When Rorschach began studying medicine he kept his artistic sensibilities with him, including how people use all their senses to absorb and perceive art. In 1918, he first began to design his “inkblot” puzzles (inspired by a similar inkblot study he admired by another Swiss psychiatrist named Syzran Hens) while he was working at a mental hospital in Switzerland. Every individual can look at a shape or image and basically shape the image in their head to fit their perception.

Rorschach and his inkblots have been the inspiration of books, art, fictional characters, and similar inkblot tests designed by other doctors.
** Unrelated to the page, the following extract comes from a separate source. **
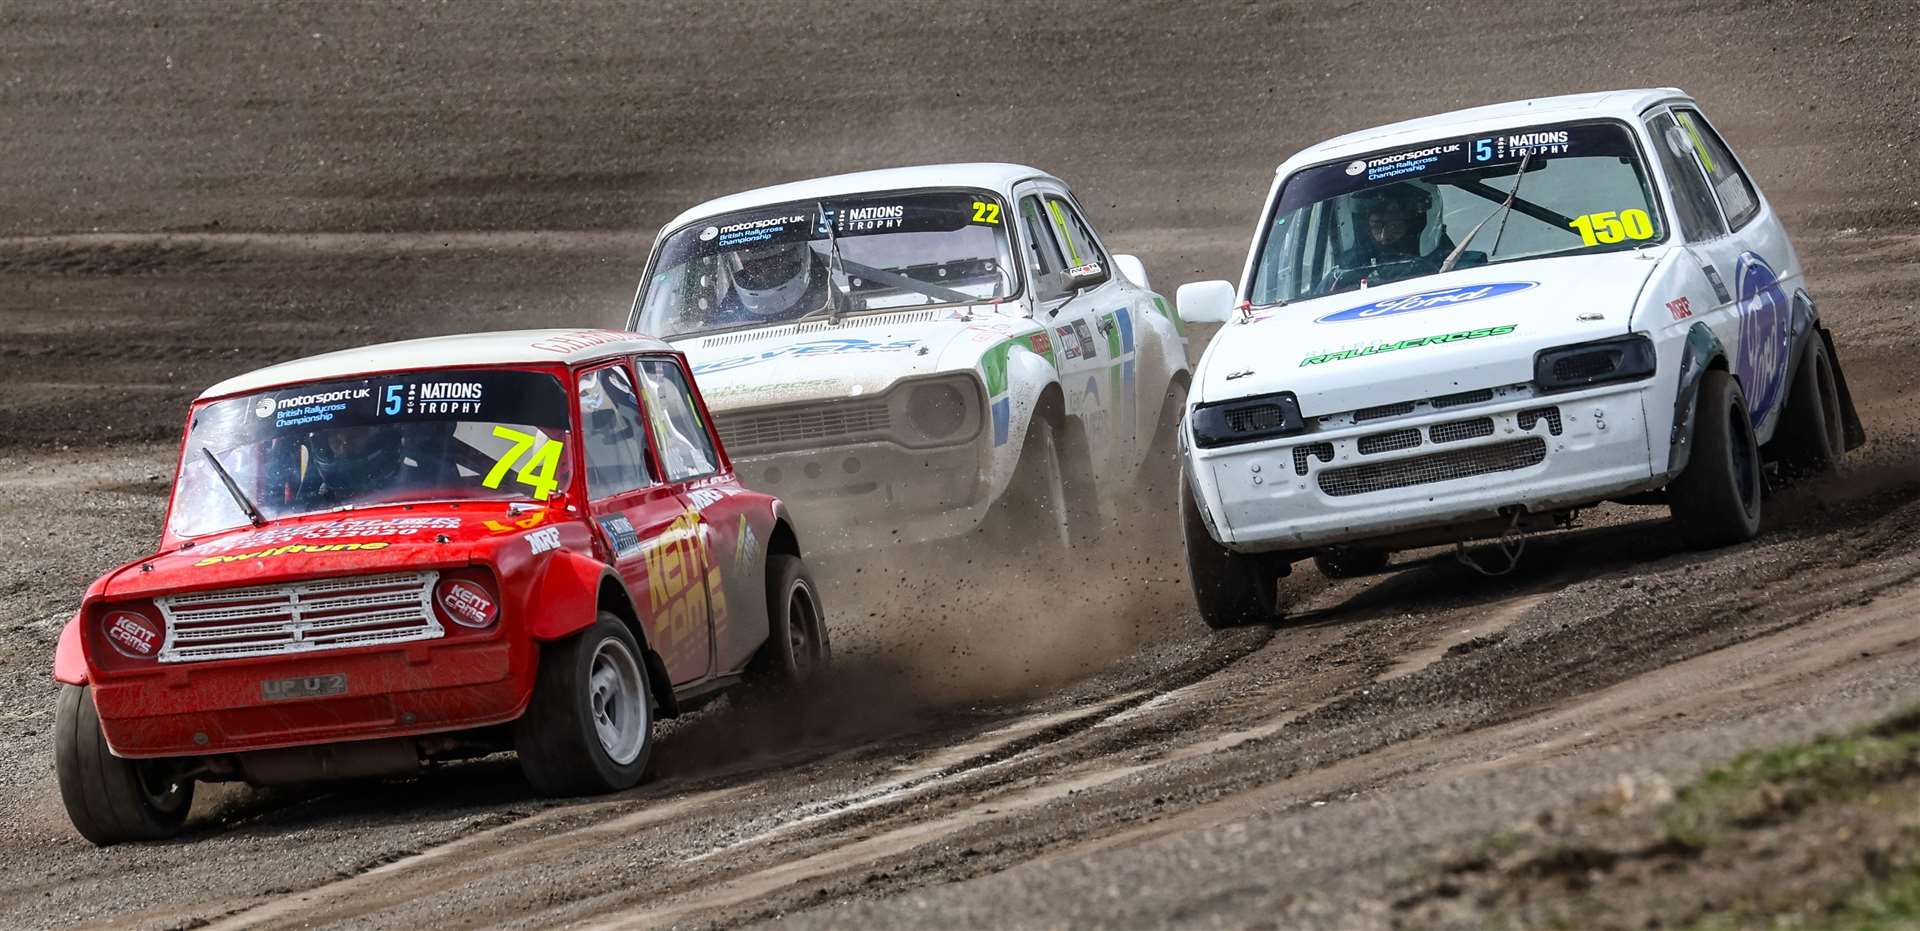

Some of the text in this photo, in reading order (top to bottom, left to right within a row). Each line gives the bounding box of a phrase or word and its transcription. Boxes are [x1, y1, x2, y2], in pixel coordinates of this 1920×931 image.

When he tested these puzzles (some in black and white and some in color) on both patients of the hospital and other volunteers he also came up with a coded interpretation of people’s response. Over time, as more people took these tests, he found similar patterns to what people of a certain personally traits saw.
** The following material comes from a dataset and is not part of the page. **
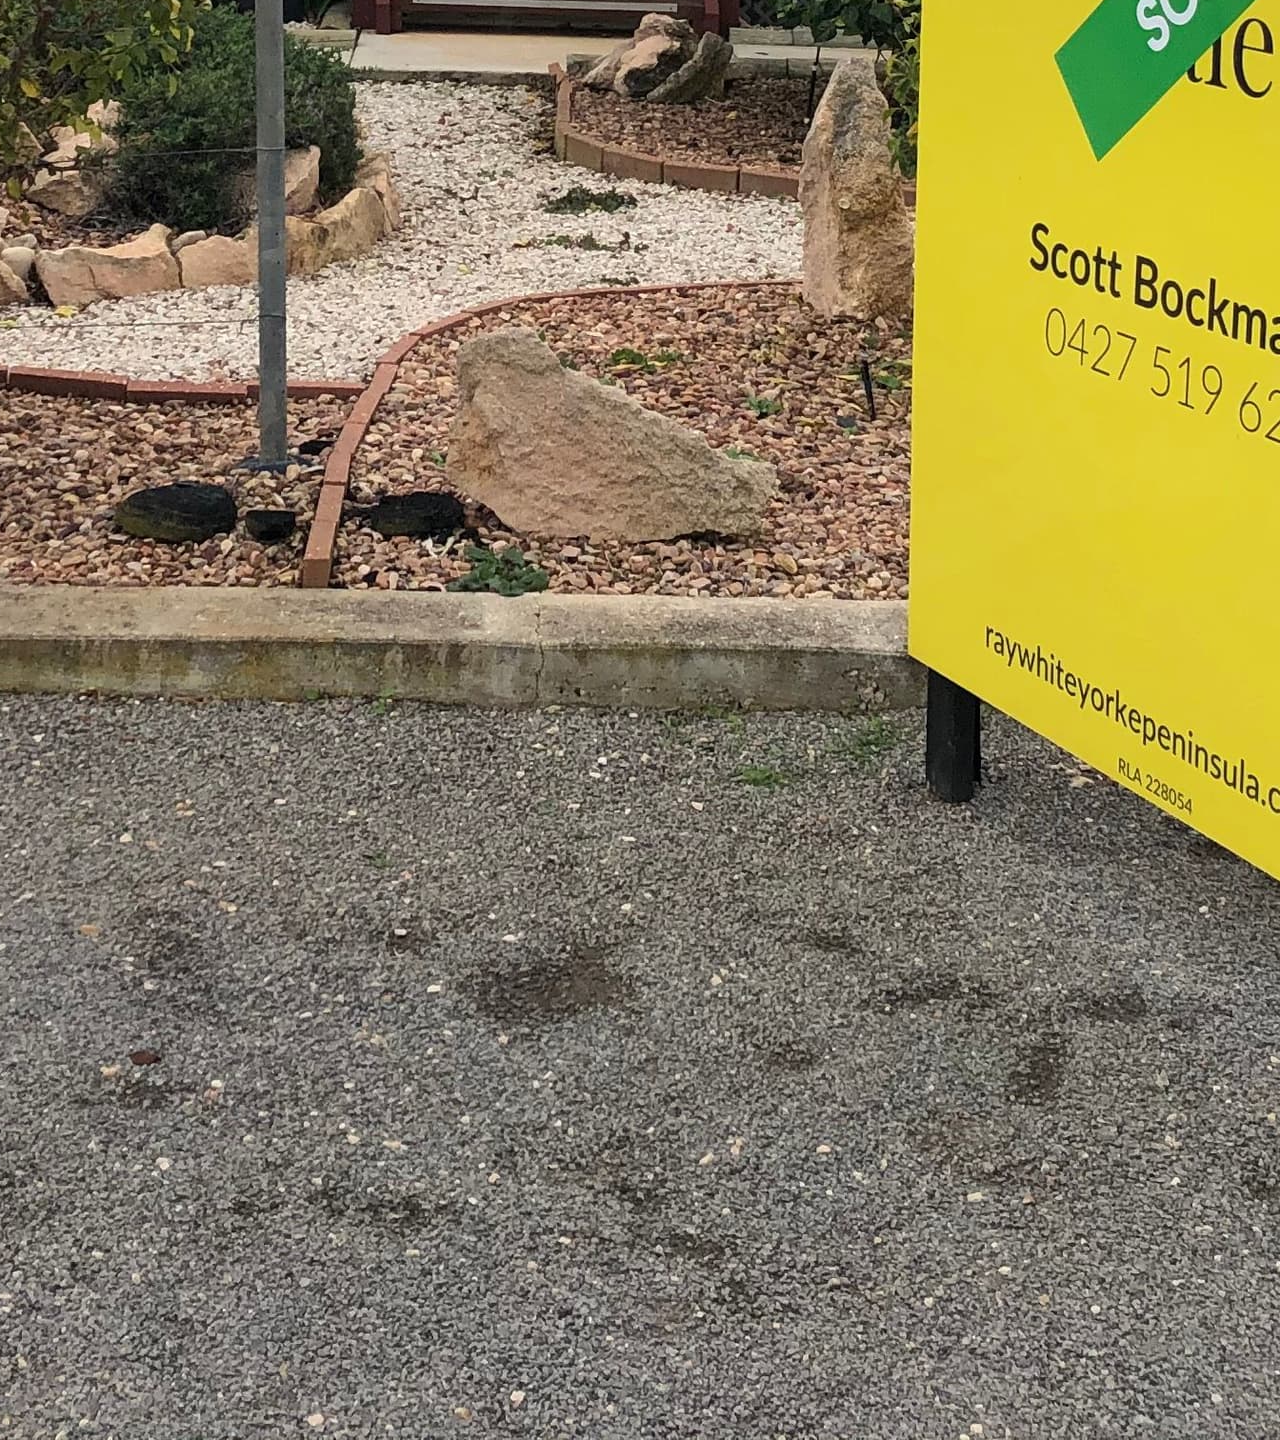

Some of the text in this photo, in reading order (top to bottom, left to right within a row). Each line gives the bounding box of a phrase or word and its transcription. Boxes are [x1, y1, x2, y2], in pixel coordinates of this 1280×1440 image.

[1029, 222, 1122, 298] Scott
[1045, 307, 1137, 381] 0427
[1150, 345, 1223, 415] 519
[1118, 757, 1193, 815] RLA 228054
Rorschach died suddenly at age 37, due to a ruptured appendix not long after publishing his studies in a book on Psychodiagnostics. Soon, other individuals in fields from medicine, art, forensics, and even anthropology begin using the test for their own purposes, each using their own ways of coding interpretations. Others have created their own inkblot tests using their own designs and methods. Today, many of the common interpretations of the inkblots have been revealed, making it harder for some to make an objective observation of what they see.
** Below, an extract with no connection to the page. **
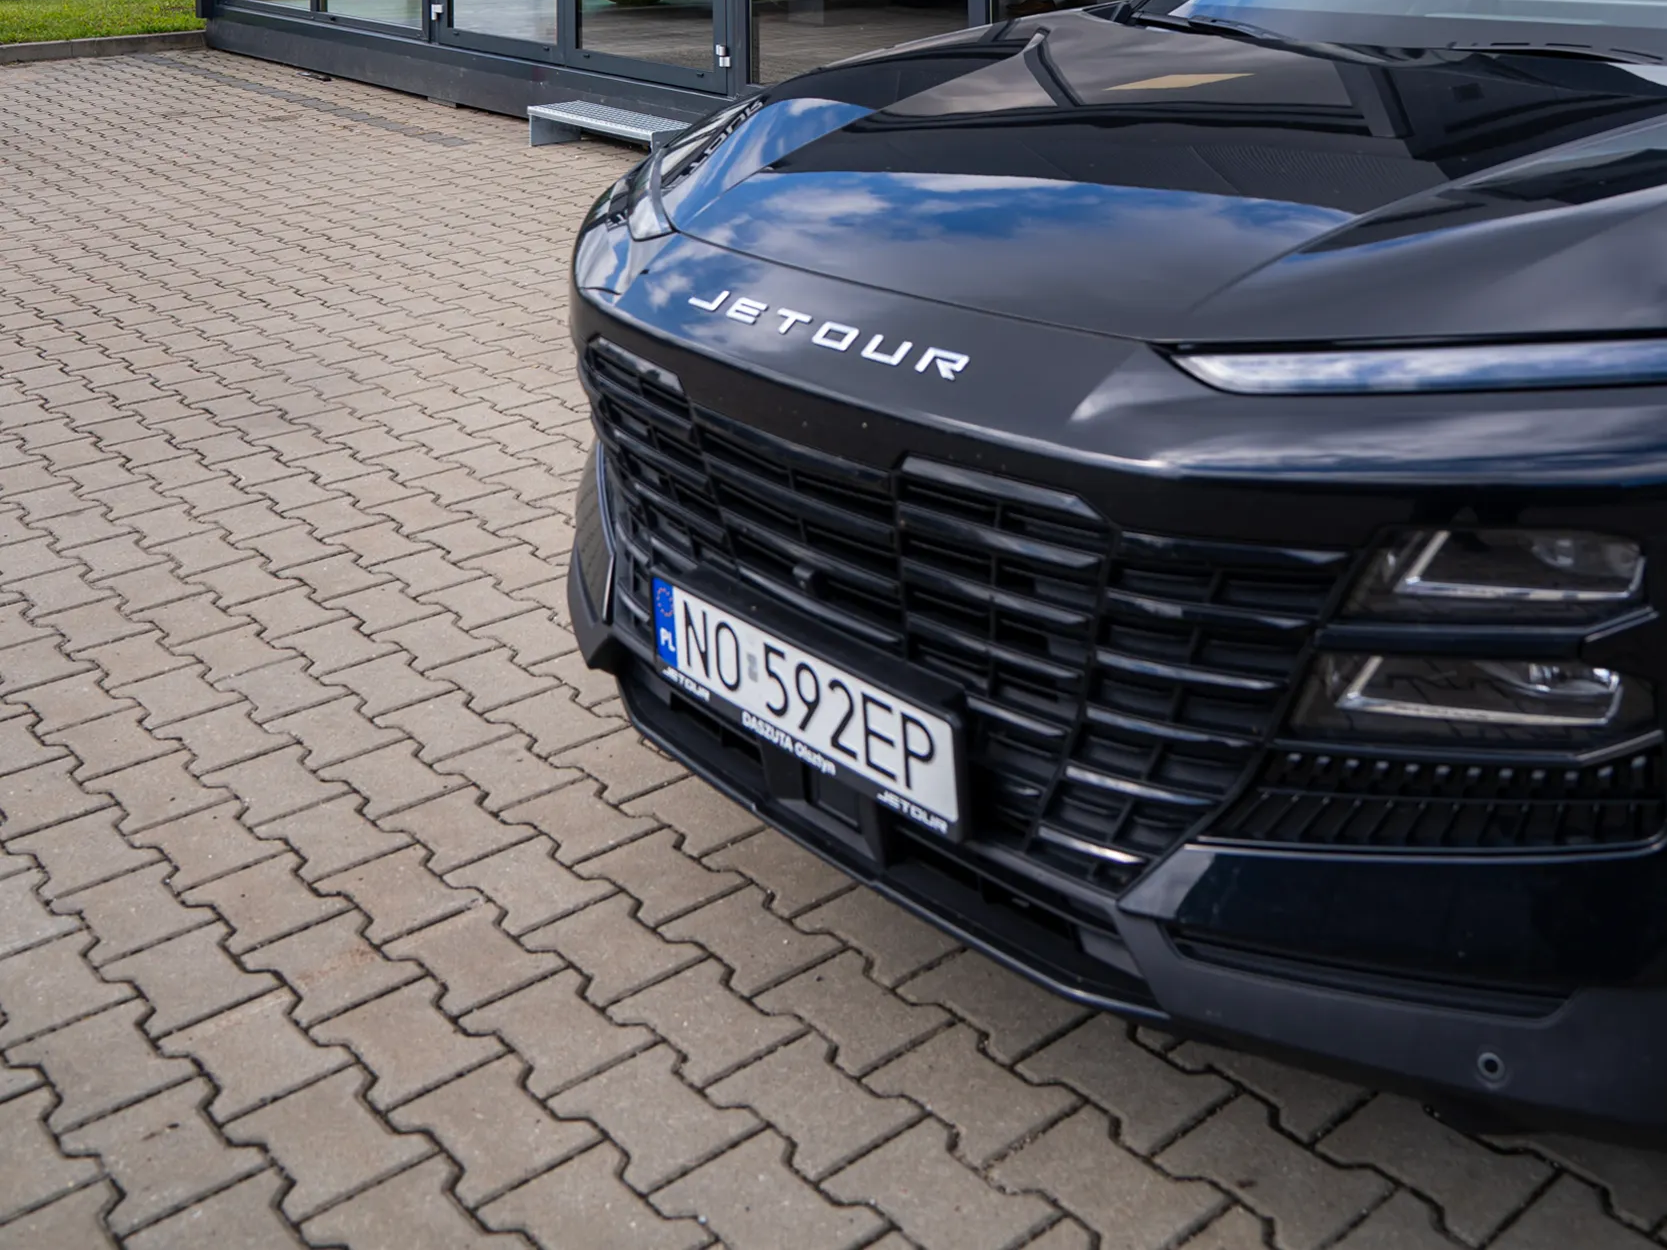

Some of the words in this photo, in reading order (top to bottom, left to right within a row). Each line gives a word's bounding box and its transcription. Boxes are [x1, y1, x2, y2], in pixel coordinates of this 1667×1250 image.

In this short Ted-Ed look at Rorschach’s designs, it shows that even today, some experts feel his designs have long been disproven, while other reviews still find it very effective:

Rorschach even acknowledged the doubt people may have had towards his inkblot tests in his book, Psychodiagnostics: A Diagnostic Test based on Perception:

“It is always daring to draw conclusions about the way an individual experiences life from the results of an experiment,” he noted.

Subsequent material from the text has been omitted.